→ EXERCISE AIM
In your answer, copy every entry that follows exactly.

→ THE INPUT

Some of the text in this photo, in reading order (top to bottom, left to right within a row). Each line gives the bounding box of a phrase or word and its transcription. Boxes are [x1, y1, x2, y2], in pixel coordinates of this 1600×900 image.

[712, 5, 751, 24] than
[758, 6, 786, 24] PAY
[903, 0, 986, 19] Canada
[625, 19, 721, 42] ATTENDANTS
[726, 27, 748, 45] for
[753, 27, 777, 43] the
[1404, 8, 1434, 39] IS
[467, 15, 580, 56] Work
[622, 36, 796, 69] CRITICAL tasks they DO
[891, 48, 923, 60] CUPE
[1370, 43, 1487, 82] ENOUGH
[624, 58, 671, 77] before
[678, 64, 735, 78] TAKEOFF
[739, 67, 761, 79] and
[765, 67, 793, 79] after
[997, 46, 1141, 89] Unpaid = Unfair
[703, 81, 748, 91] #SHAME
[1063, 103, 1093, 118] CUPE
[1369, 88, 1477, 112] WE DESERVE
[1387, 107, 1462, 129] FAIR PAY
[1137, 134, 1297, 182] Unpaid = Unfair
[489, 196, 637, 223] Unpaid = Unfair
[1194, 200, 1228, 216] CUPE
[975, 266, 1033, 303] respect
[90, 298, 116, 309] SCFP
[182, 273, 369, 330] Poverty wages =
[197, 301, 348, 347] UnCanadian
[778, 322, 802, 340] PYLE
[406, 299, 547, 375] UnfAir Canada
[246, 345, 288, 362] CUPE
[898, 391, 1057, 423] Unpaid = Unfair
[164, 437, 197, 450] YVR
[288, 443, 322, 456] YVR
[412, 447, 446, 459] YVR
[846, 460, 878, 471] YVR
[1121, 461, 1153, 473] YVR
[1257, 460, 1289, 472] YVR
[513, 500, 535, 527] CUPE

→ OUTPUT BELOW
Some of the text in this photo, in reading order (top to bottom, left to right within a row). Each line gives the bounding box of a phrase or word and its transcription. Boxes are [x1, y1, x2, y2], in pixel coordinates of this 1600×900 image.

[712, 5, 751, 24] than
[758, 6, 786, 24] PAY
[903, 0, 986, 19] Canada
[625, 19, 721, 42] ATTENDANTS
[726, 27, 748, 45] for
[753, 27, 777, 43] the
[1404, 8, 1434, 39] IS
[467, 15, 580, 56] Work
[622, 36, 796, 69] CRITICAL tasks they DO
[891, 48, 923, 60] CUPE
[1370, 43, 1487, 82] ENOUGH
[624, 58, 671, 77] before
[678, 64, 735, 78] TAKEOFF
[739, 67, 761, 79] and
[765, 67, 793, 79] after
[997, 46, 1141, 89] Unpaid = Unfair
[703, 81, 748, 91] #SHAME
[1063, 103, 1093, 118] CUPE
[1369, 88, 1477, 112] WE DESERVE
[1387, 107, 1462, 129] FAIR PAY
[1137, 134, 1297, 182] Unpaid = Unfair
[489, 196, 637, 223] Unpaid = Unfair
[1194, 200, 1228, 216] CUPE
[975, 266, 1033, 303] respect
[90, 298, 116, 309] SCFP
[182, 273, 369, 330] Poverty wages =
[197, 301, 348, 347] UnCanadian
[778, 322, 802, 340] PYLE
[406, 299, 547, 375] UnfAir Canada
[246, 345, 288, 362] CUPE
[898, 391, 1057, 423] Unpaid = Unfair
[164, 437, 197, 450] YVR
[288, 443, 322, 456] YVR
[412, 447, 446, 459] YVR
[846, 460, 878, 471] YVR
[1121, 461, 1153, 473] YVR
[1257, 460, 1289, 472] YVR
[513, 500, 535, 527] CUPE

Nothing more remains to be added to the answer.